= Ray Baum =

American politician

Raymond Sims Baum (August 18, 1955 - February 9, 2018) was an American lawyer, lobbyist, and politician

Baum was born and raised in La Grande, Oregon. He studied at Brigham Young University and Willamette University College of Law. Baum was admitted to the Oregon bar in 1983 and practiced law in La Grande. Baum was elected to the Oregon House of Representatives in 1988. He was majority leader in the state house for the Republican Party starting in 1995 but did not seek reelection in 1996. In 2003 Ted Kulongoski appointed Baum a member of the Oregon Public Utility Commission.

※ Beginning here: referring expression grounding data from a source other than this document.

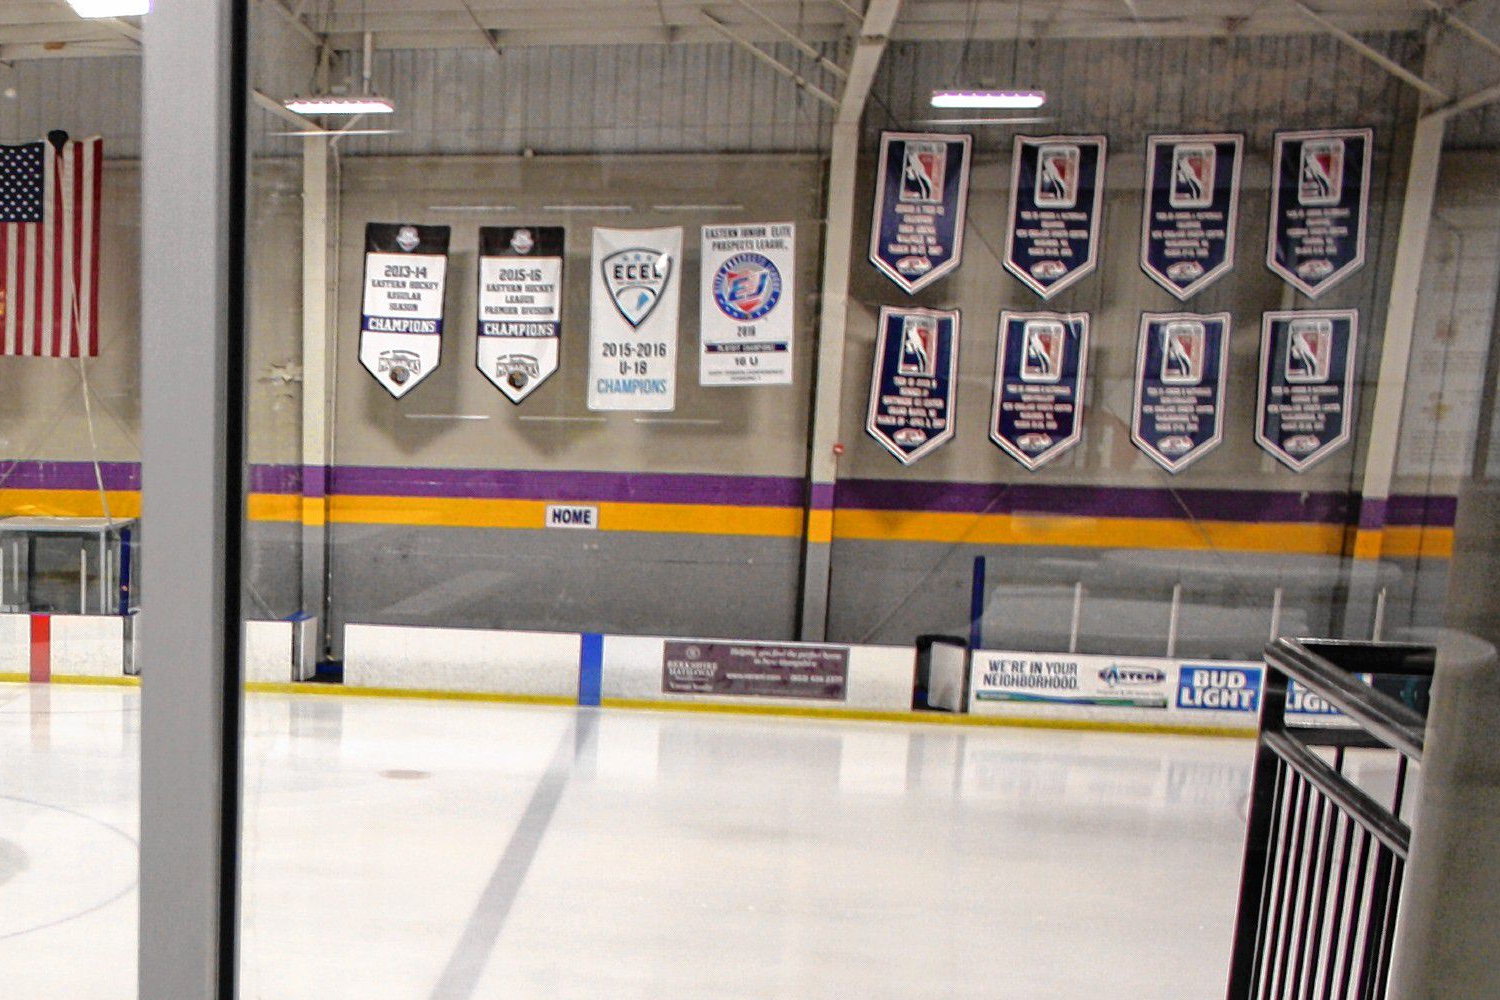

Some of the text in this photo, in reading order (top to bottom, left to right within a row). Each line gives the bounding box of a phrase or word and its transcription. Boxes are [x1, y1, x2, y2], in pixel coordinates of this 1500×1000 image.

[613, 263, 663, 280] ECEL
[369, 317, 437, 333] CHAMPIONS
[484, 322, 554, 337] CHAMPIONS
[602, 342, 667, 358] 2015-2016
[619, 361, 648, 375] U-18
[597, 378, 667, 394] CHAMPIONS
[552, 508, 592, 525] HOME
[1029, 660, 1043, 674] IN
[1046, 661, 1078, 676] YOUR
[1193, 669, 1247, 689] BUD
[1181, 686, 1254, 707] LIGHT

He served there until 2011, serving as chairman starting in 2010. Baum worked for the National Association of Broadcasters and served as vice-president of government affairs. In December 2016, Ray joined U.S. Representative Greg Walden's staff as Staff Director on the Energy and Commerce Committee. There, he worked with the FCC on telecommunications issues.

== Personal life ==
Baum's wife is Kristine Baum. In February 2018, Ray Baum died at Suburban Hospital in Bethesda, Maryland from prostate cancer. Representative Greg Walden arranged to have RAY BAUM’S Act named in his honor due to his significant work in telecommunications.